→ **ENTRIES SHOWN**:

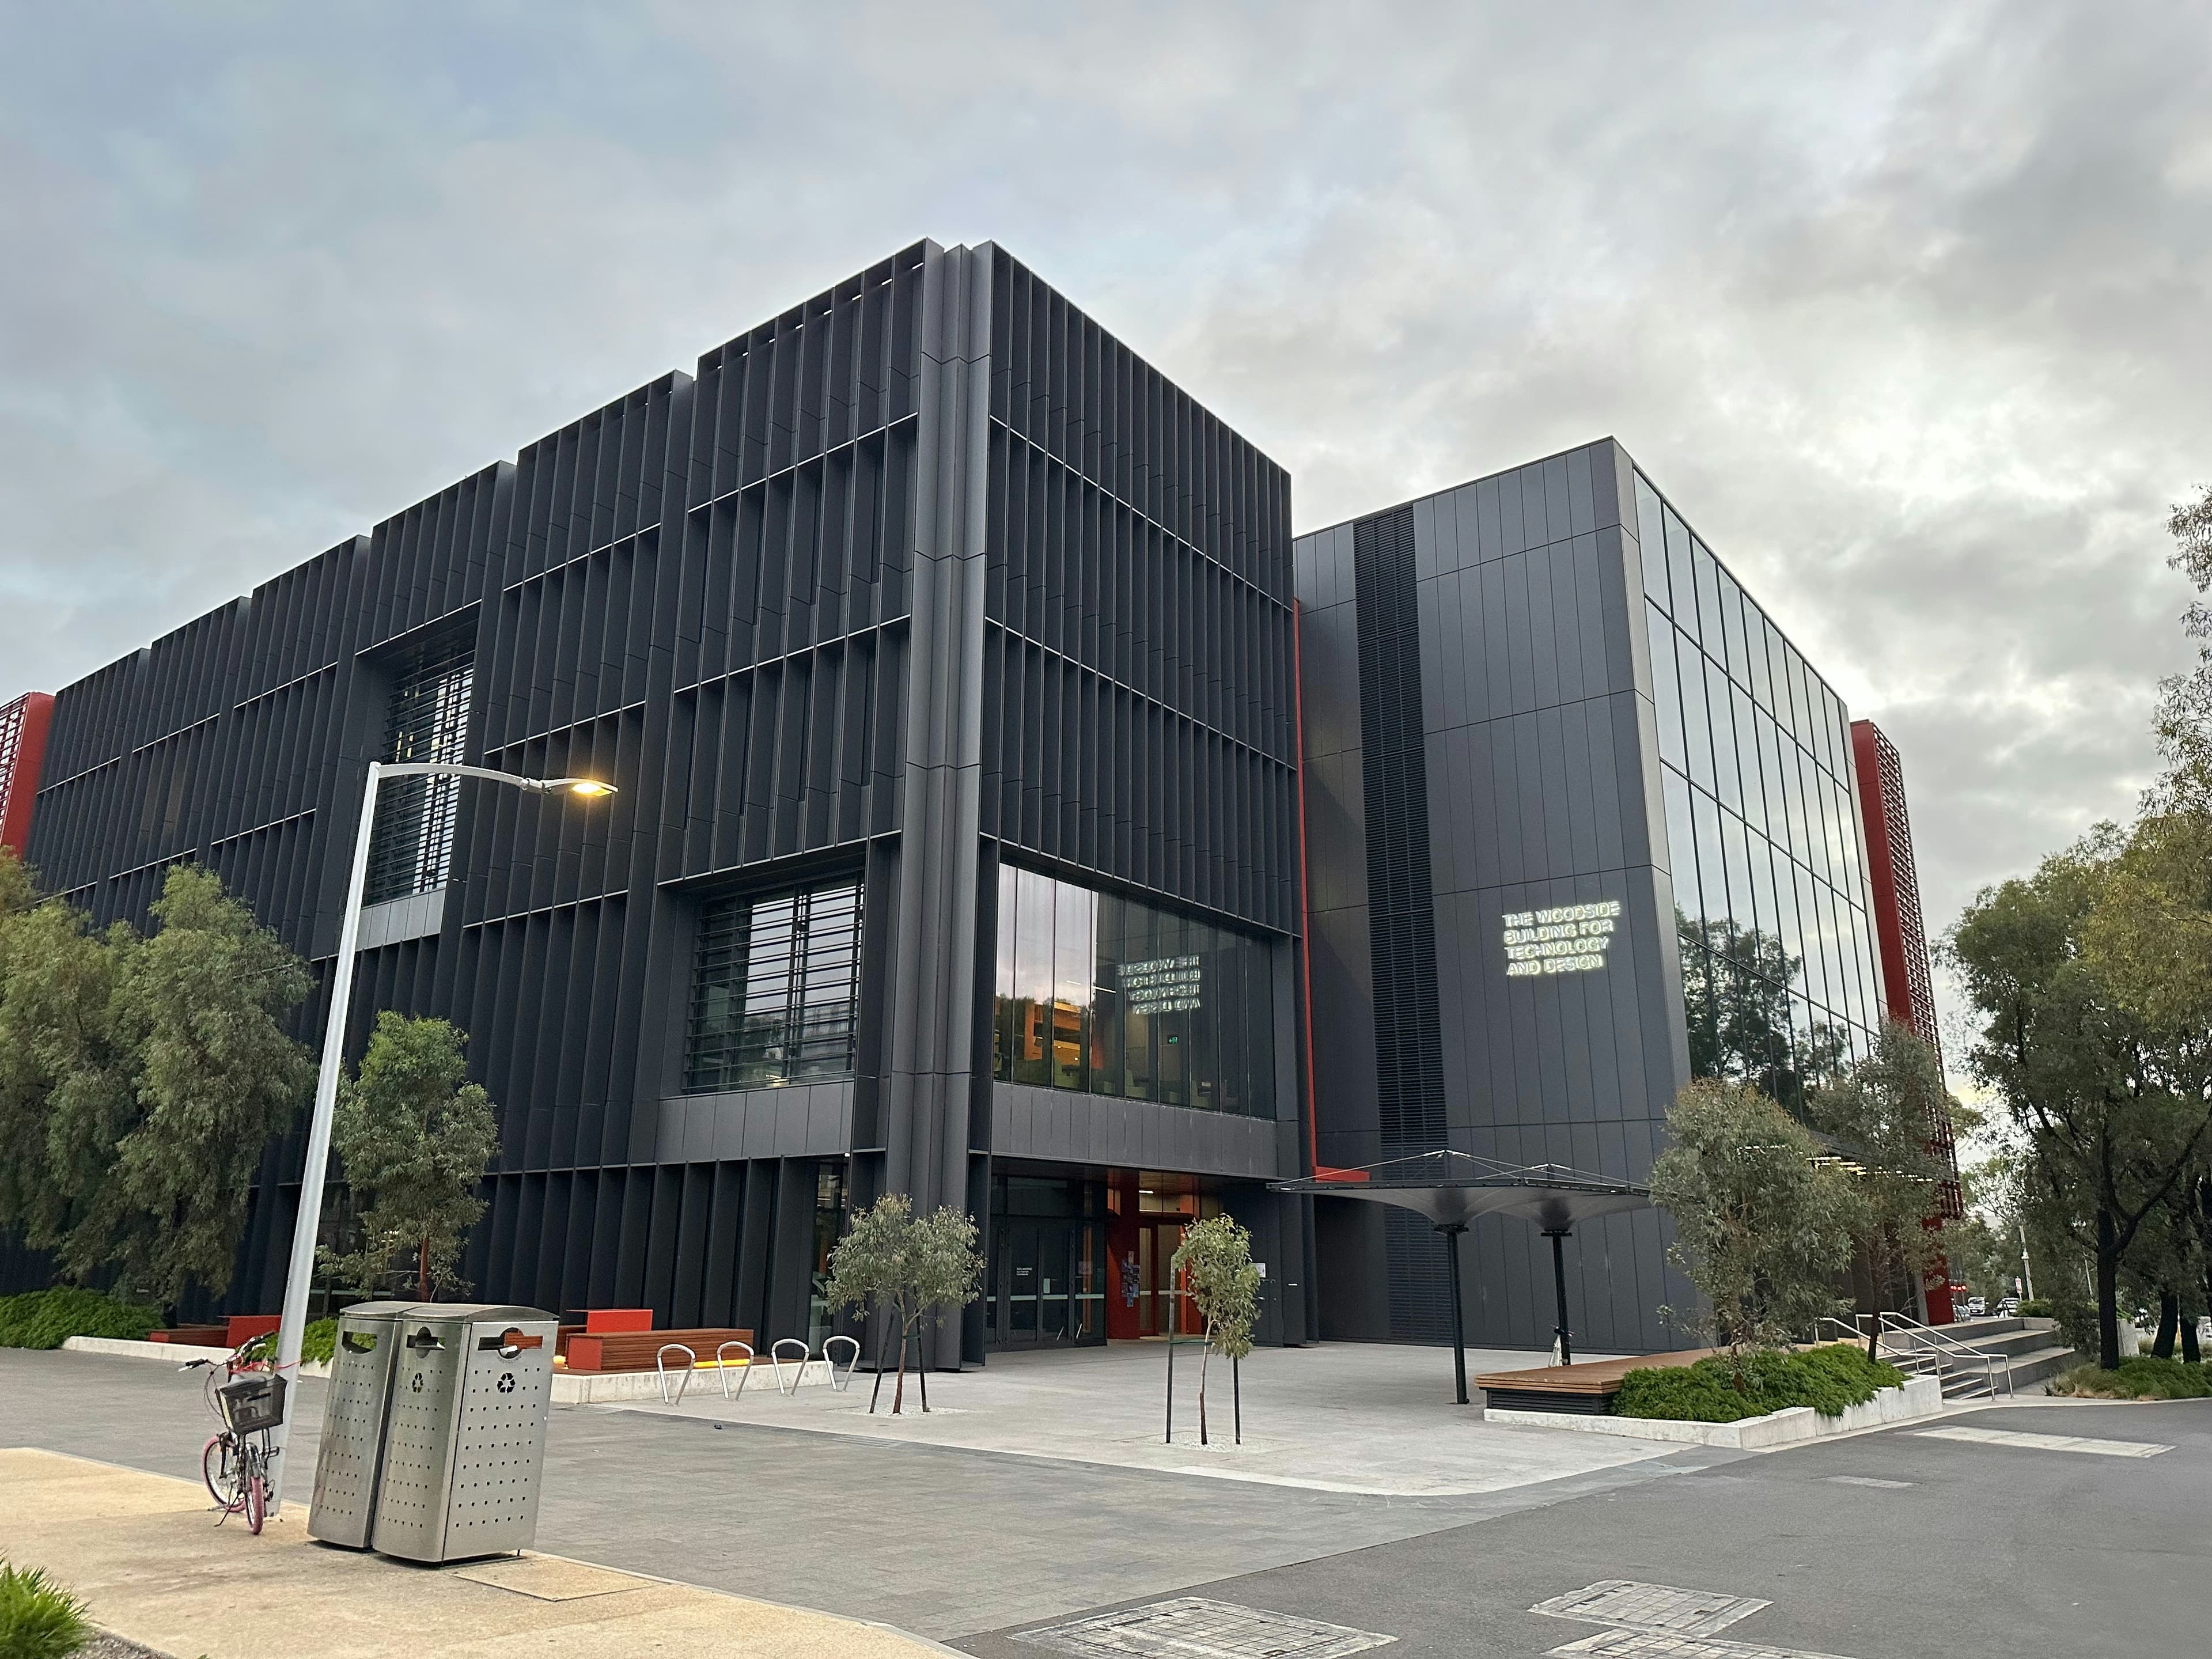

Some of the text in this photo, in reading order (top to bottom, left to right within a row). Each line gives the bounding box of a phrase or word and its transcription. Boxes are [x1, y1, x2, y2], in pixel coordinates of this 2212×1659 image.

[1502, 901, 1620, 927] THE WOODSIDE
[1503, 919, 1613, 945] BUILDING FOR
[1504, 936, 1609, 959] TECHNOLOGY
[1506, 954, 1603, 976] AND DESIGN
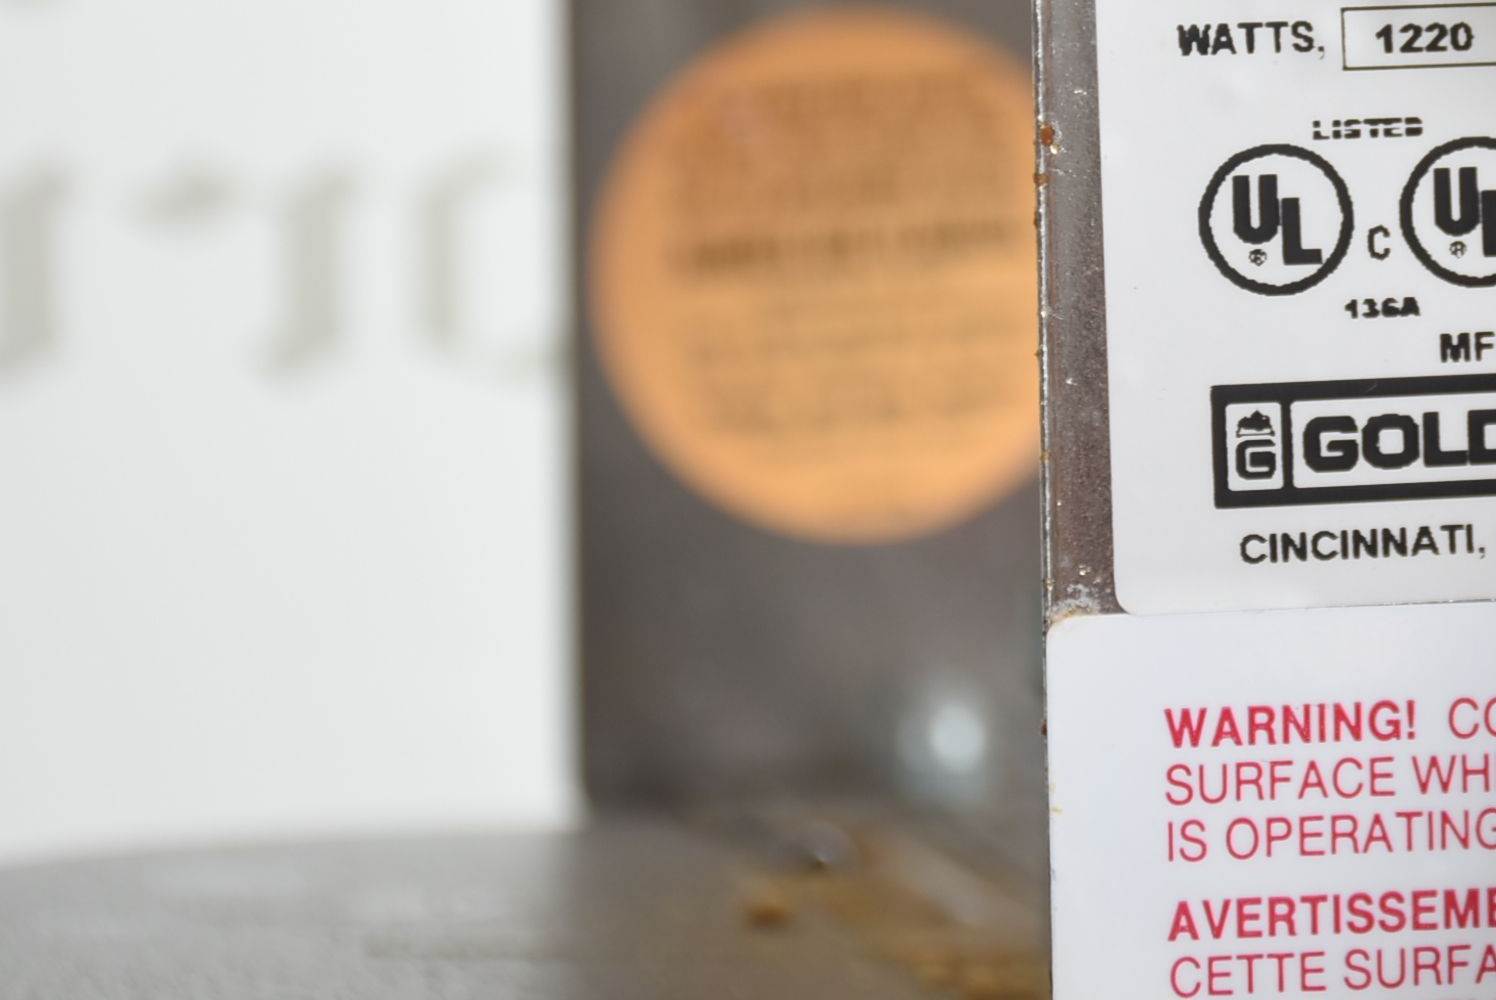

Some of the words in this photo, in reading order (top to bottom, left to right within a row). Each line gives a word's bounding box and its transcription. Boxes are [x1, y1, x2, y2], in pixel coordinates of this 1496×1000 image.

[1374, 21, 1475, 55] 1220
[1311, 116, 1424, 141] LISTED
[1231, 173, 1323, 266] UL
[1343, 296, 1422, 320] 136A
[1239, 523, 1487, 566] CINCINNATI,
[1163, 698, 1418, 750] WARNING!
[1165, 754, 1397, 807] SURFACE
[1167, 817, 1210, 863] IS
[1169, 951, 1329, 1000] CETTE
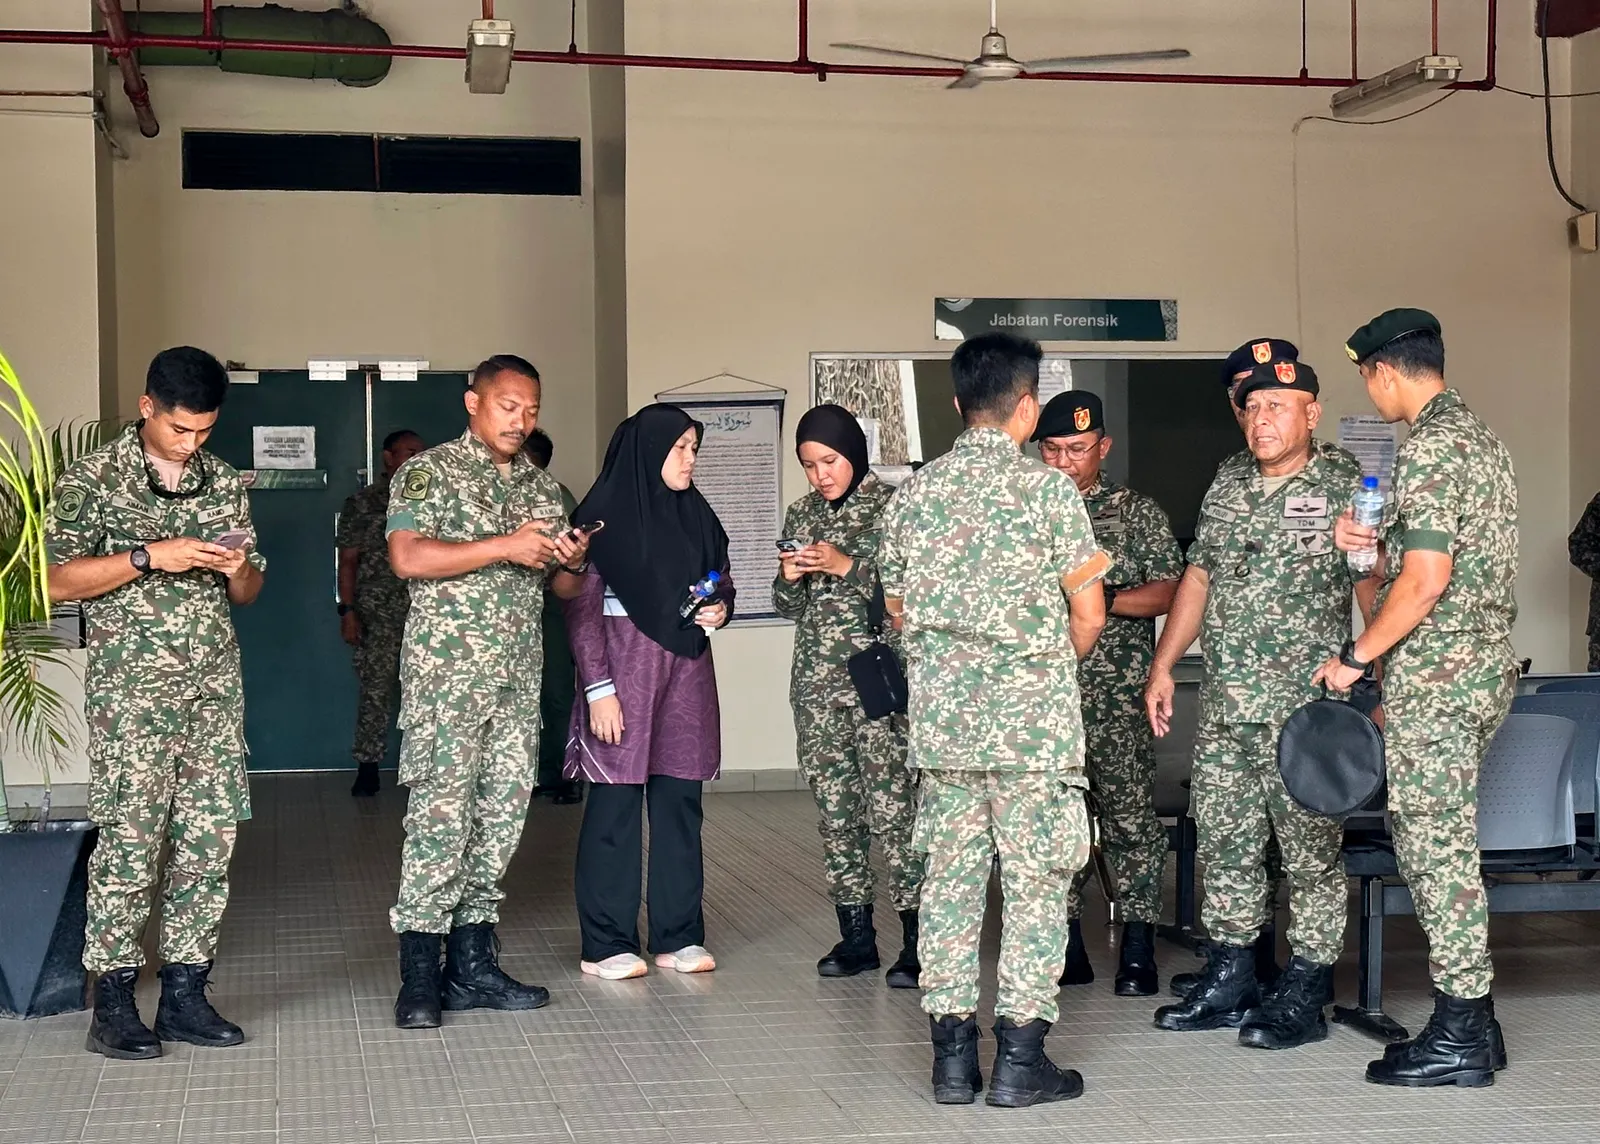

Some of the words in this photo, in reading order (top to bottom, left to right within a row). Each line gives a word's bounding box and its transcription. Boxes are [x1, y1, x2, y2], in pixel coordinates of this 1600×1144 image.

→ **THE PROBLEM**: The entire listing above, word for word and without pictures, is what should be output.

→ **COMPLETED EXERCISE**:
Some of the text in this photo, in reading order (top to bottom, left to right within a row). Each line gives the bounding box of a phrase or word and its transcription. Boxes are [x1, y1, x2, y2], in pixel coordinates of this 2212×1659 image.

[1502, 901, 1620, 927] THE WOODSIDE
[1503, 919, 1613, 945] BUILDING FOR
[1504, 936, 1609, 959] TECHNOLOGY
[1506, 954, 1603, 976] AND DESIGN

Some of the words in this photo, in reading order (top to bottom, left to right within a row). Each line gives a word's bounding box and its transcription. Boxes are [x1, y1, x2, y2], in pixel coordinates of this 1496×1000 image.

[1374, 21, 1475, 55] 1220
[1311, 116, 1424, 141] LISTED
[1231, 173, 1323, 266] UL
[1343, 296, 1422, 320] 136A
[1239, 523, 1487, 566] CINCINNATI,
[1163, 698, 1418, 750] WARNING!
[1165, 754, 1397, 807] SURFACE
[1167, 817, 1210, 863] IS
[1169, 951, 1329, 1000] CETTE

Some of the words in this photo, in reading order (top to bottom, left to right within a row). Each line gives a word's bounding box and its transcription. Boxes are [x1, y1, x2, y2], in pixel coordinates of this 1600×1144 image.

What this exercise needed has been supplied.